Students of economic history will know that crashes are endemic in free markets. The natural order of capitalist economics dictates that financial markets regularly have booms followed by busts and back to boom again. An automatic reaction to a financial crash is increased risk aversion: in the aftermath of a severe market correction individuals cut spending, institutional investors withdraw to safe havens and companies put off capital intensive projects, or worse still lay off staff. This is expected behaviour during, and immediately after, a recession.
In such an environment, it is almost universally agreed that a more conservative approach to liquidity and capital management in banks is the correct thing to do. Few people would argue against this logic. The important thing however, is to ensure that this thinking is not pushed back once the immediate memories of the recession are forgotten.
A paper written by John Boyd and Mark Gertler and published by the Federal Reserve Bank of Minneapolis in 1994, entitled The Role of Large Banks in the recent U.S Banking Crisis, is well worth reading because it is a perfect illustration of how history repeats itself. The authors, surveying the 1981-82 bank crash in the United States, note the errors made in the lead-up to that crisis and make recommendations about liquidity management in banks that remain relevant, word for word, in 2011. Commentators have remarked that it needs to be “back to basics” for banks, but that is too simplistic. Rather, what is important is that the more effective approach to liquidity risk management that is accepted as good practice today remains accepted practice tomorrow and through the business cycle, even as economic conditions improve and the market becomes bullish.
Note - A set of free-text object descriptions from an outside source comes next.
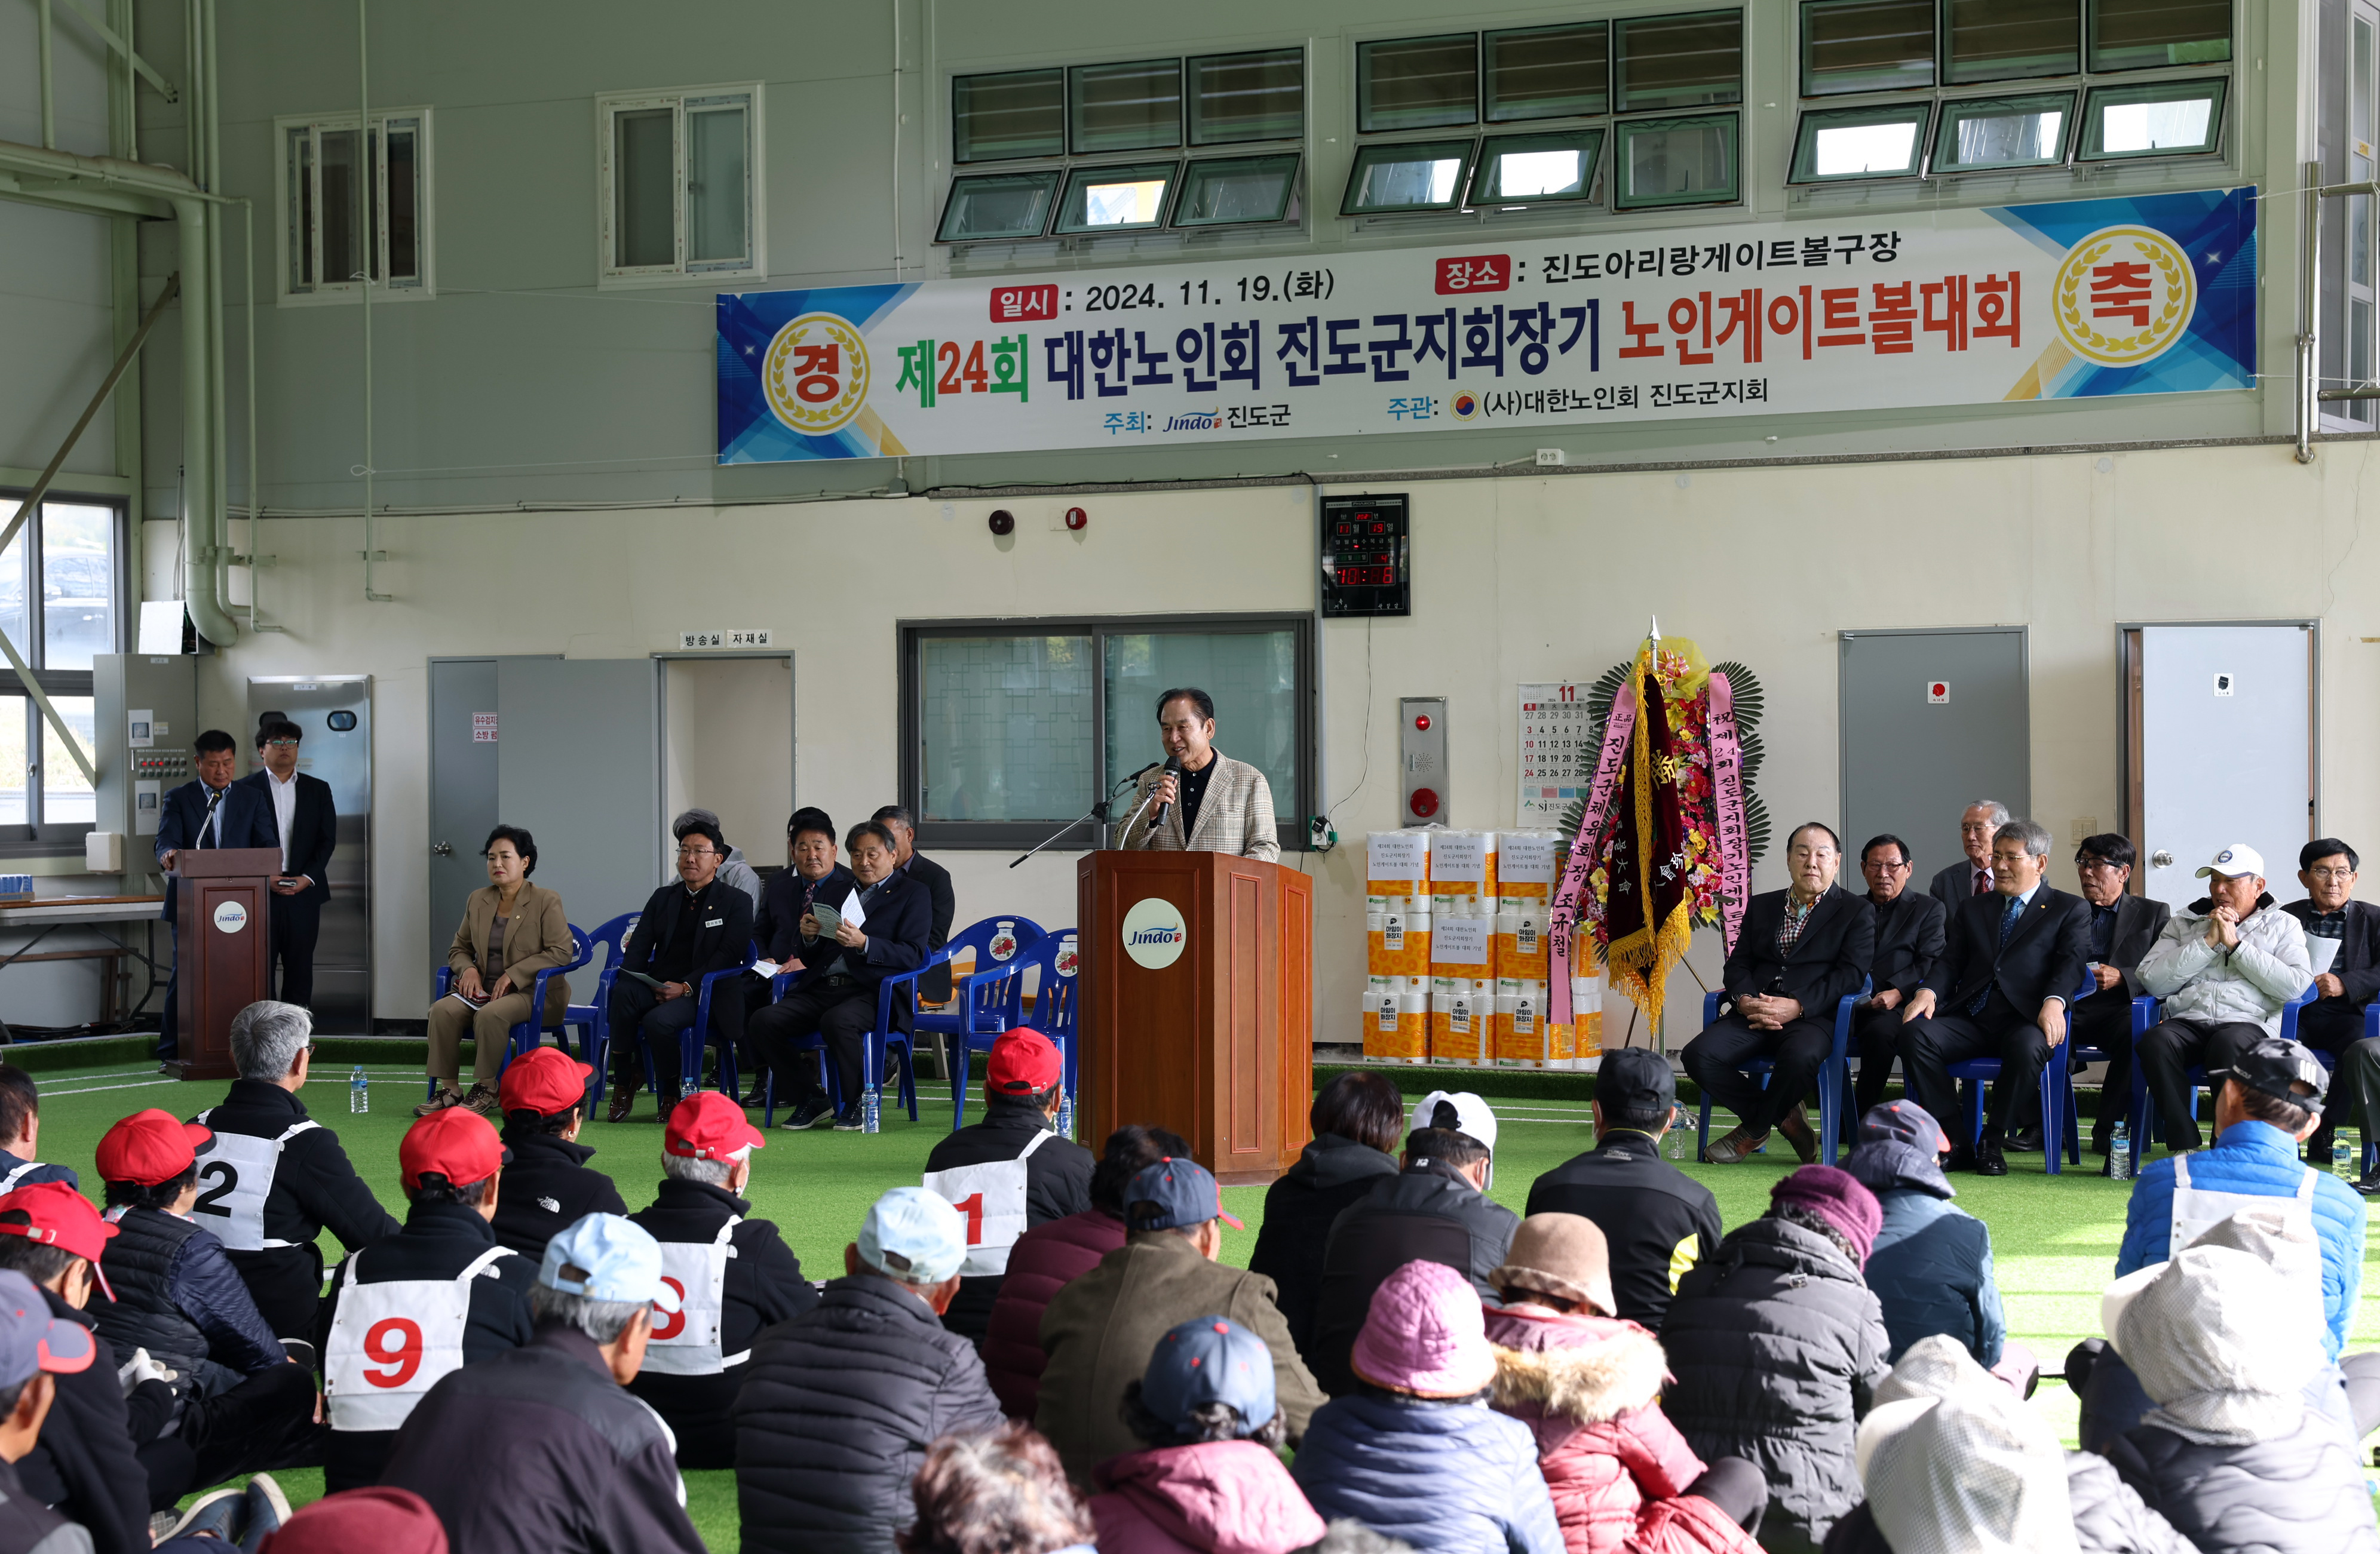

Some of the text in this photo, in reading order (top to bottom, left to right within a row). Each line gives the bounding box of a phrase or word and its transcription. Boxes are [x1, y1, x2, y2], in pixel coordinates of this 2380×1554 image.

[1446, 263, 1501, 289] 장소
[1541, 231, 1901, 284] 진도아리랑게이트볼구장
[1001, 292, 1050, 316] 일시
[1085, 285, 1165, 312] 2024.
[1180, 280, 1221, 308] 11.
[1236, 268, 1335, 303] 19.(화)
[2089, 260, 2153, 328] 축
[895, 270, 2022, 409] 제24회 대한노인회 진도군지회장기 노인게이트볼대회
[791, 342, 841, 404] 경
[1387, 396, 1439, 421] 주관:
[1483, 378, 1768, 416] (사)대한노인회 진도군지회
[1103, 409, 1152, 435] 주최:
[1163, 416, 1212, 432] Jindo
[1227, 404, 1291, 428] 진도군
[1339, 525, 1349, 533] 11
[1373, 523, 1393, 533] 19 일
[686, 634, 719, 646] 방송실
[733, 633, 767, 644] 자재실
[1559, 686, 1574, 702] 11
[1614, 714, 1632, 722] 正品
[1712, 711, 1734, 724] 祝
[476, 730, 489, 739] 소방
[1128, 931, 1173, 945] Jindo
[194, 1160, 239, 1218] 2
[952, 1193, 983, 1245] 1
[363, 1317, 422, 1388] 9
In other words, banks need to ensure that the robust principles being enshrined in policy now are not watered down once credit spreads reduce and GDP growth resumes.
And that is the most important lesson to be learned from the crash of 2008. Not becoming risk averse, reining in outlier business projects, or strengthening balance sheets by raising capital ratios – vital as these may be. No, the most important lesson to be learned from the downturn is to ensure that we maintain the sensible approach to risk management that is accepted by everyone today but (as history tells us) is invariably diluted and then forgotten altogether once the economy has recovered.
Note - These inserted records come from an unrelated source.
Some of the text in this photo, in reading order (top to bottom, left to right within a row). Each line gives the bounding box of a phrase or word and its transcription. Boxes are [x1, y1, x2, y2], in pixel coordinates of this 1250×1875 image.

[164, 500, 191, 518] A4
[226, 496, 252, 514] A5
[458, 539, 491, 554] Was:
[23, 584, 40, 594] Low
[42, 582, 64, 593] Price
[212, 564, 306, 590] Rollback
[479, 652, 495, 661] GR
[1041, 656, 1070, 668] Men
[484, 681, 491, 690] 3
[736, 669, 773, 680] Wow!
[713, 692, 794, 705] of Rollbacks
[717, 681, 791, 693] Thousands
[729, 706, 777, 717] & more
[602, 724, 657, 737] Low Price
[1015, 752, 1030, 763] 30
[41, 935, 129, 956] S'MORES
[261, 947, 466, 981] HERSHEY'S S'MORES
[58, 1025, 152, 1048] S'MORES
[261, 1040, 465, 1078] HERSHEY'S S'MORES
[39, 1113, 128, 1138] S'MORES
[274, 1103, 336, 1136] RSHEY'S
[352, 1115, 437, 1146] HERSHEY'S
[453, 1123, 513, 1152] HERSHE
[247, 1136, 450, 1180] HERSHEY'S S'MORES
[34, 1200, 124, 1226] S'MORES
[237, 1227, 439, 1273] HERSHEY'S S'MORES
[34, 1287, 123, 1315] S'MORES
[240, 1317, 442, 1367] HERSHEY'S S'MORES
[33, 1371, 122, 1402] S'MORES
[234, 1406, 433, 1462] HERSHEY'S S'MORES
As Boyd and Gertler noted in 1994 and numerous other authors have opined since 2008, if we strip the causes of the crash down to one over-riding issue, it is essentially that market participants repeat the mistakes of their predecessors. The imperative now is to try to break this cycle and remember the lessons of 2002-2008, and ensure we maintain sound banking principles over the long term. That would be to take away the principal lesson learned from the financial crisis.

1 Comments
written by Zohir Uddin on 21/12/2011
Absolutely right Mr. Choudhry,
Banking sector is a key component of a healthy and vibrant economy, and even society. So therefore good practices must not be forgotten or even ignored but rather revived periodically. Calculated risk is what bankers are paid for and running a bank like a bank, not a charity, is much more important for an economy than many think.